Images for object localization:

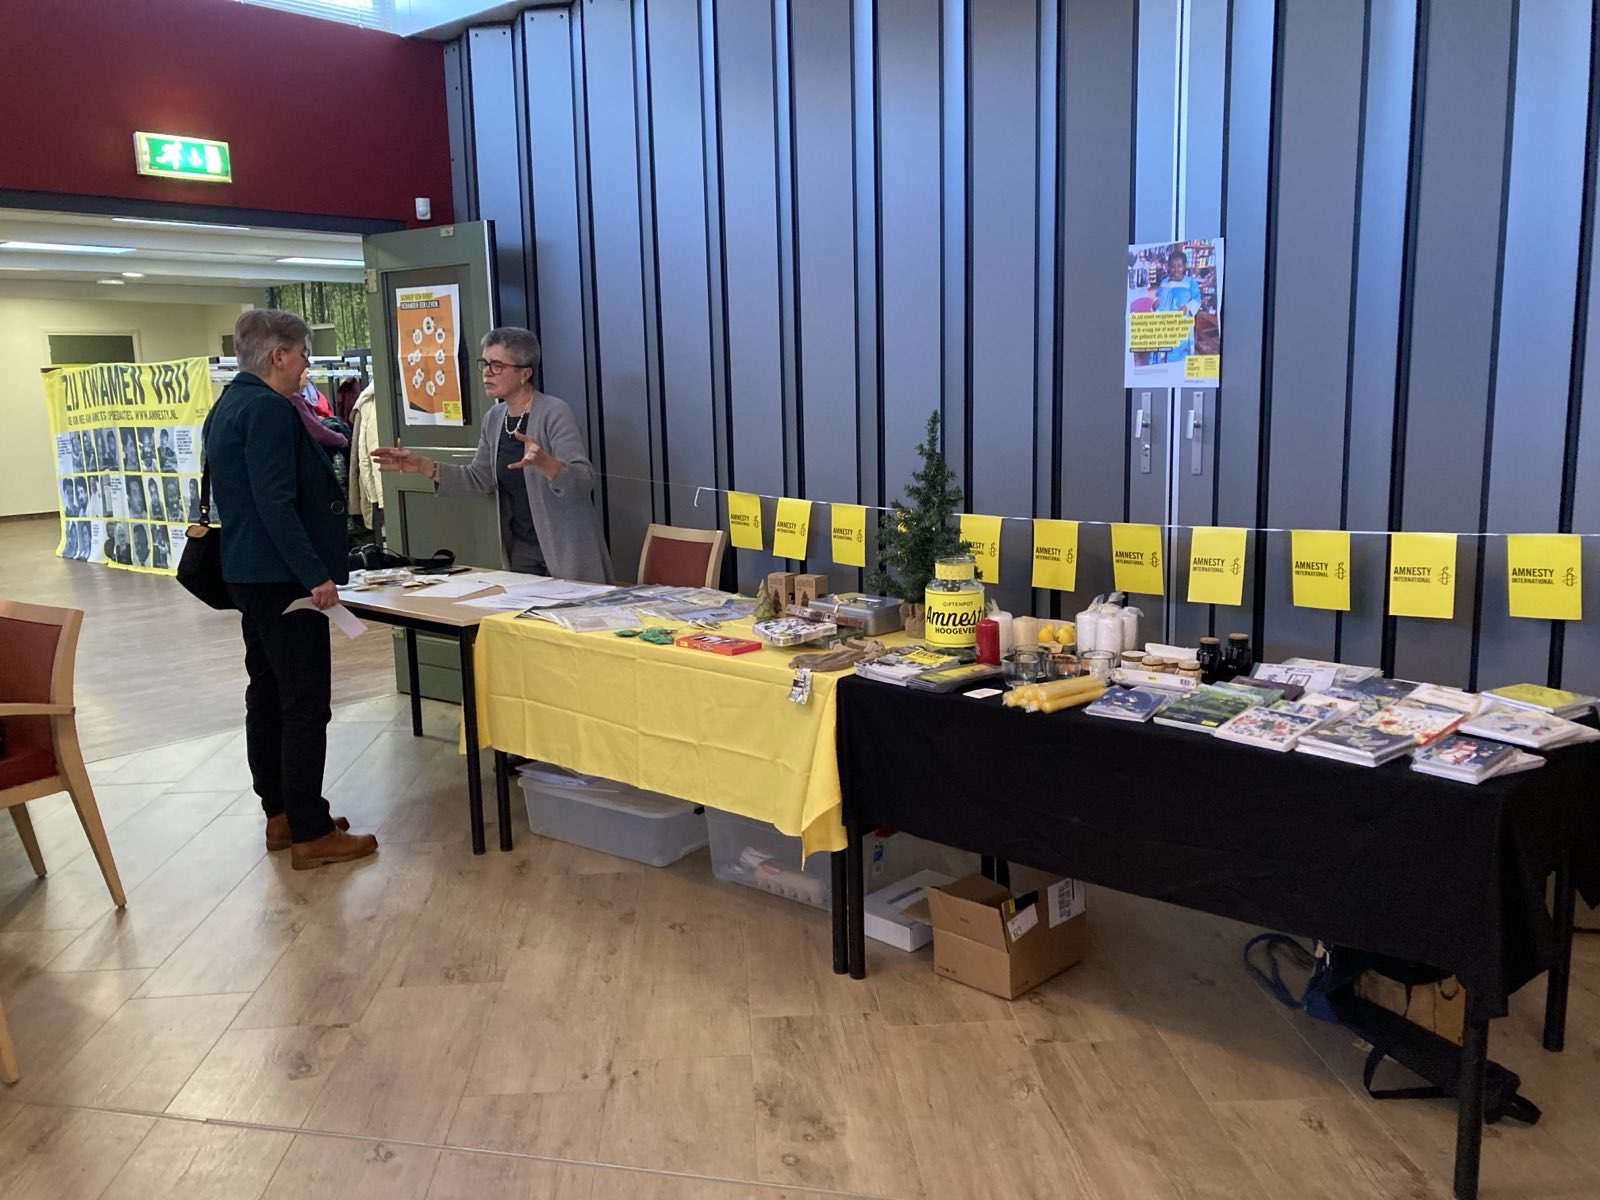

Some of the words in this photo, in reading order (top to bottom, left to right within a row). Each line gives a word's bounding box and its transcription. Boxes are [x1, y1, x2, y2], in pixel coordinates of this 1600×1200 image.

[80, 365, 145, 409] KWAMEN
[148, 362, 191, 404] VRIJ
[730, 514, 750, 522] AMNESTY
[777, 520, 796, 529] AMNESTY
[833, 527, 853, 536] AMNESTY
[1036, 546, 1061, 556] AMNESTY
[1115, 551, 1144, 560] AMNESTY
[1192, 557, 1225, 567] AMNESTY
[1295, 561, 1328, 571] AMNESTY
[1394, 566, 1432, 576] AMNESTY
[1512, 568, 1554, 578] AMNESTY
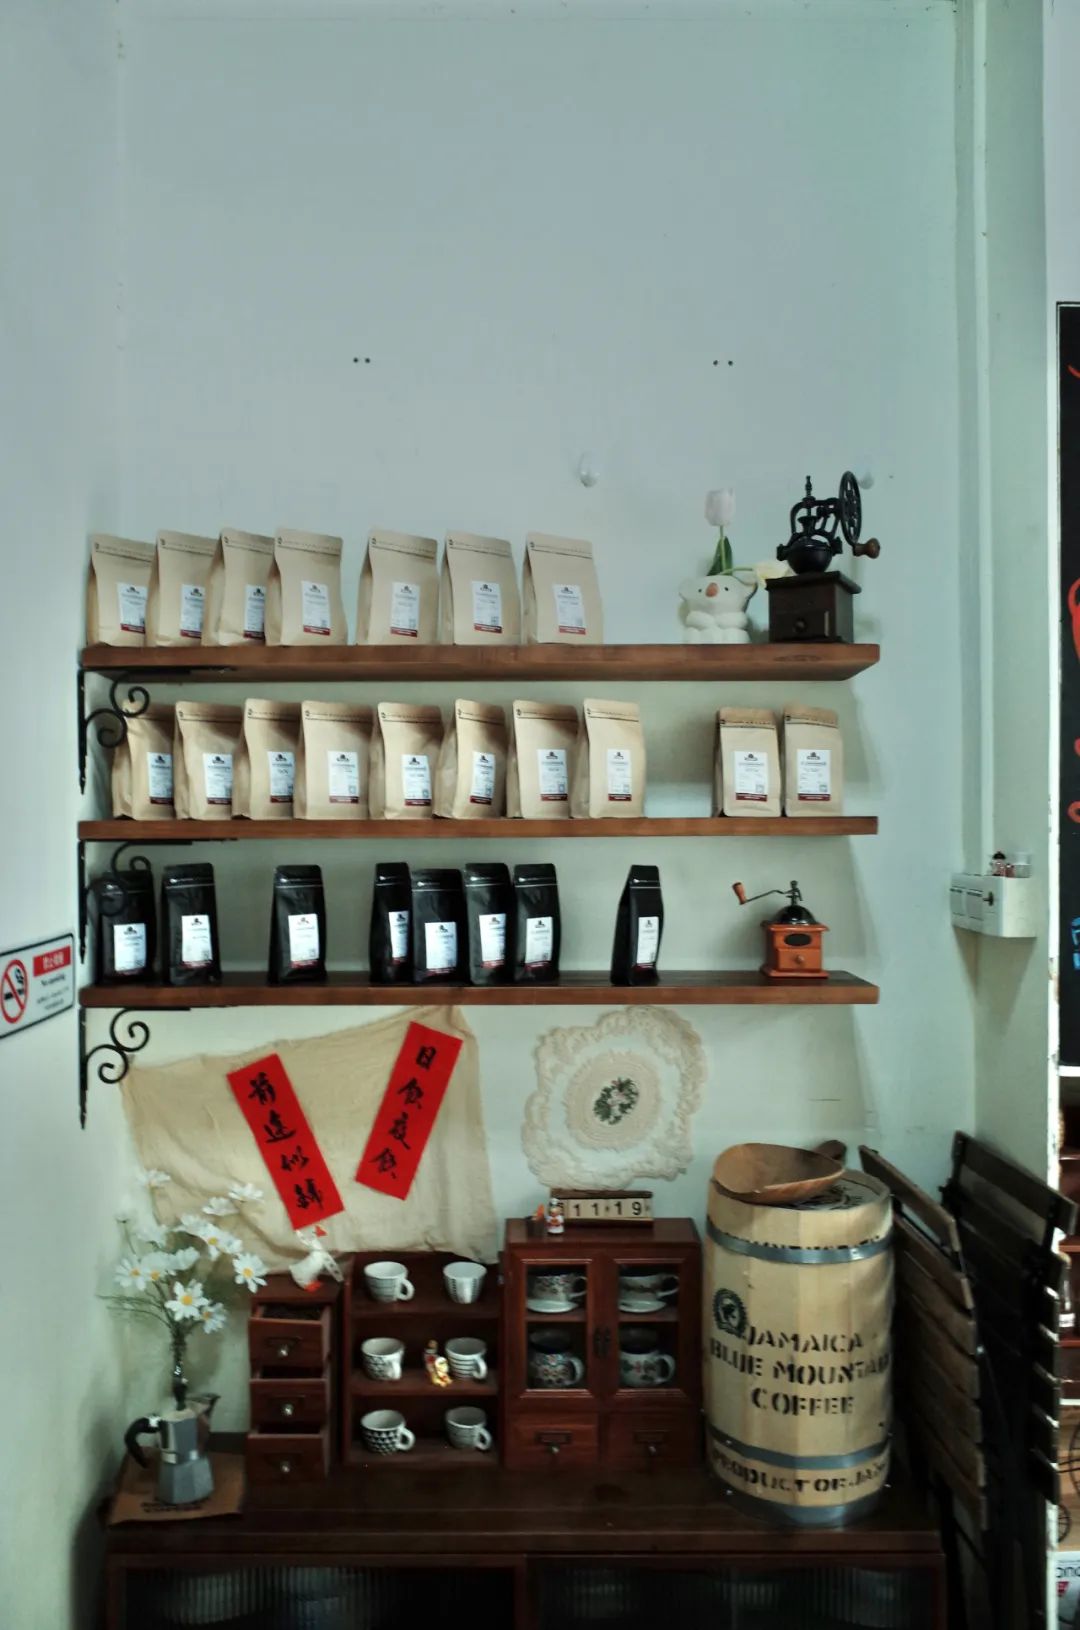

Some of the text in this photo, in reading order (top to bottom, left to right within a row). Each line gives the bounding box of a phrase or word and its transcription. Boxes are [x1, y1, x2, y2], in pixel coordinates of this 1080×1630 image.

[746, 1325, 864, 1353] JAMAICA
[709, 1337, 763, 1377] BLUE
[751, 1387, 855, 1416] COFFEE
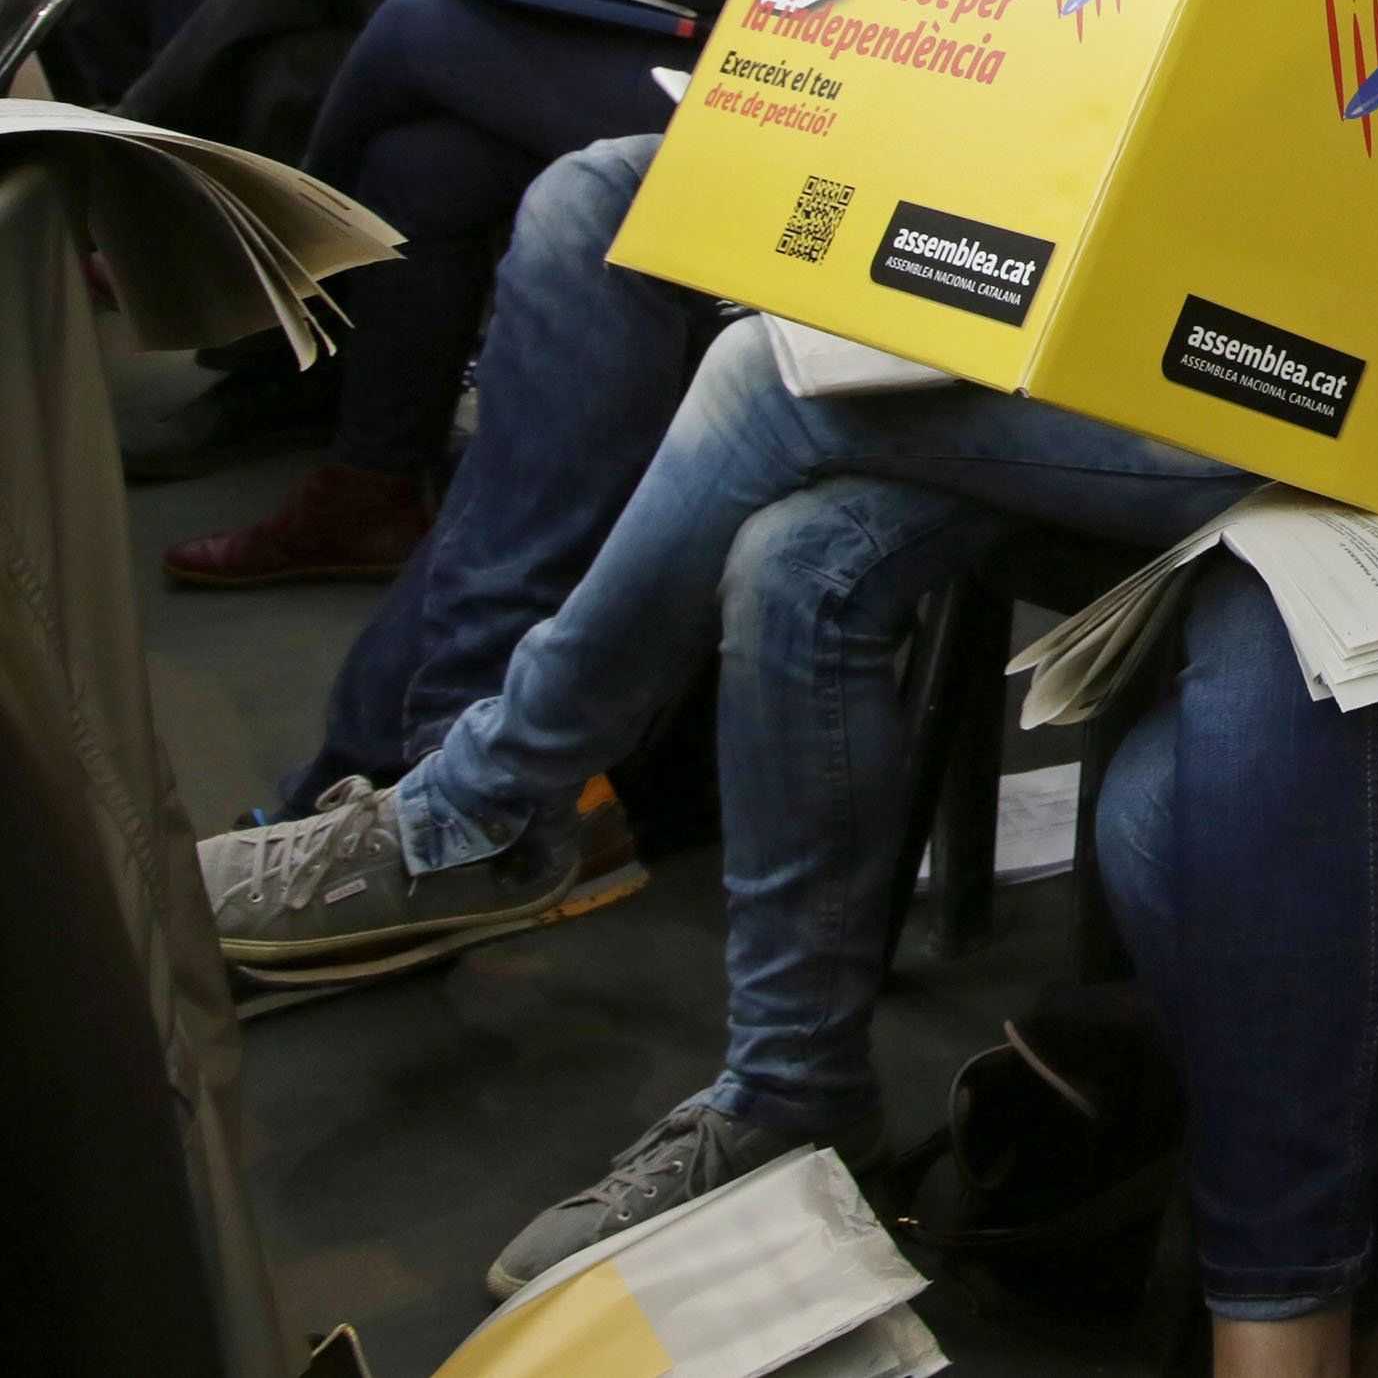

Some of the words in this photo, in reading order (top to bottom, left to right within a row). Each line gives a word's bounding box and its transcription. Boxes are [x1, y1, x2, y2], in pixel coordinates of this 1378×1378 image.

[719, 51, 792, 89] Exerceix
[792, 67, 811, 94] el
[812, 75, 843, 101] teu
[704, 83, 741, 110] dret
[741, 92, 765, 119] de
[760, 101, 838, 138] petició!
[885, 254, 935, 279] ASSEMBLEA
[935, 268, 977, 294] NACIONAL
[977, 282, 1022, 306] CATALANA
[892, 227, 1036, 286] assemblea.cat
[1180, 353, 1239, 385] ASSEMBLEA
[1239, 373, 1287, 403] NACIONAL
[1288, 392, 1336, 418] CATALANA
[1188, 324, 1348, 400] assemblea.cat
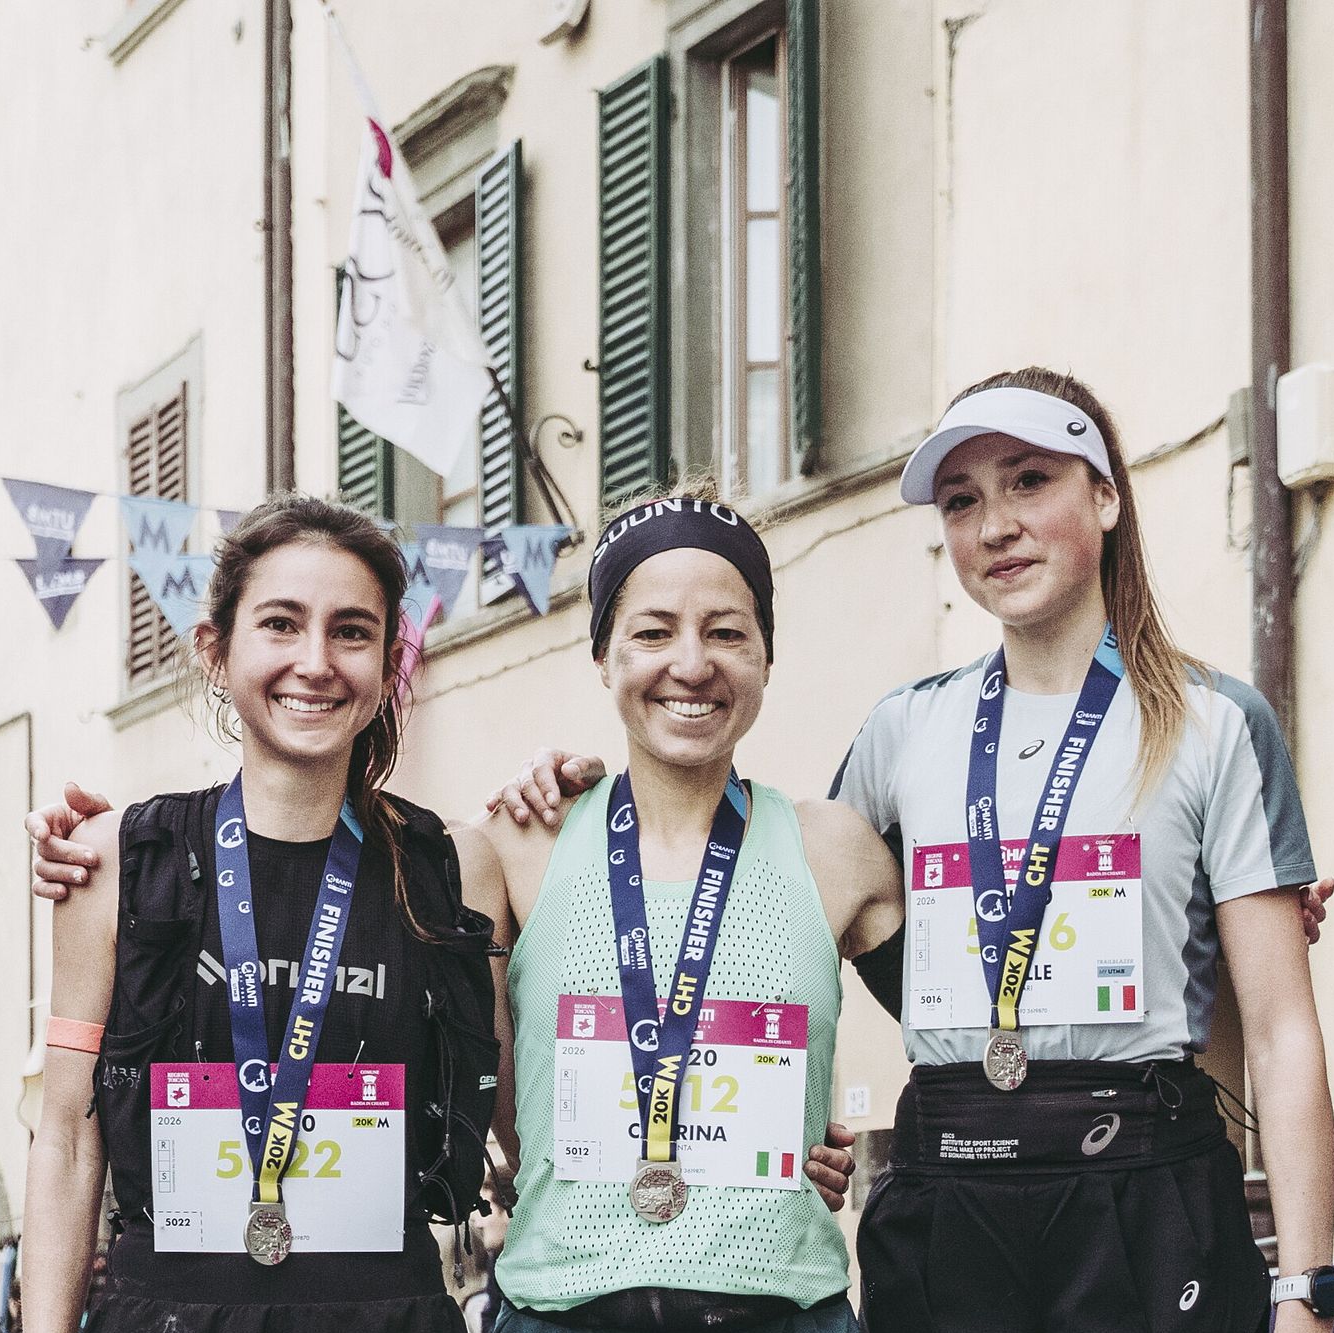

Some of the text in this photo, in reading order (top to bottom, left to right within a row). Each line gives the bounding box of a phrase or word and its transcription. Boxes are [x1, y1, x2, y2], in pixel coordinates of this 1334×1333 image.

▸ **How to complete this task**
Pictures aside, restate the entries word for word.

▸ **Your response**
Some of the words in this photo, in reading order (top to bottom, left to right within a row). Each line gives a word's bounding box and its transcription. Boxes are [x1, y1, x2, y2], in pixel coordinates of this 1600×1200 image.

[80, 365, 145, 409] KWAMEN
[148, 362, 191, 404] VRIJ
[730, 514, 750, 522] AMNESTY
[777, 520, 796, 529] AMNESTY
[833, 527, 853, 536] AMNESTY
[1036, 546, 1061, 556] AMNESTY
[1115, 551, 1144, 560] AMNESTY
[1192, 557, 1225, 567] AMNESTY
[1295, 561, 1328, 571] AMNESTY
[1394, 566, 1432, 576] AMNESTY
[1512, 568, 1554, 578] AMNESTY

Some of the text in this photo, in reading order (top to bottom, left to right within a row). Each line gives the bounding box of a phrase or word and its transcription. Boxes are [x1, y1, x2, y2], in pixel coordinates of this 1080×1630 image.

[746, 1325, 864, 1353] JAMAICA
[709, 1337, 763, 1377] BLUE
[751, 1387, 855, 1416] COFFEE

Some of the words in this photo, in reading order (top to bottom, left to right within a row). Each line gives a word's bounding box and its transcription. Boxes are [x1, y1, x2, y2], in pixel coordinates of this 1378×1378 image.

[719, 51, 792, 89] Exerceix
[792, 67, 811, 94] el
[812, 75, 843, 101] teu
[704, 83, 741, 110] dret
[741, 92, 765, 119] de
[760, 101, 838, 138] petició!
[885, 254, 935, 279] ASSEMBLEA
[935, 268, 977, 294] NACIONAL
[977, 282, 1022, 306] CATALANA
[892, 227, 1036, 286] assemblea.cat
[1180, 353, 1239, 385] ASSEMBLEA
[1239, 373, 1287, 403] NACIONAL
[1288, 392, 1336, 418] CATALANA
[1188, 324, 1348, 400] assemblea.cat

Some of the text in this photo, in reading order (top to bottom, left to right within a row). Each line gives the bounding box of a phrase or word and its transcription. Boxes are [x1, y1, x2, y2], in pixel coordinates of this 1334×1333 image.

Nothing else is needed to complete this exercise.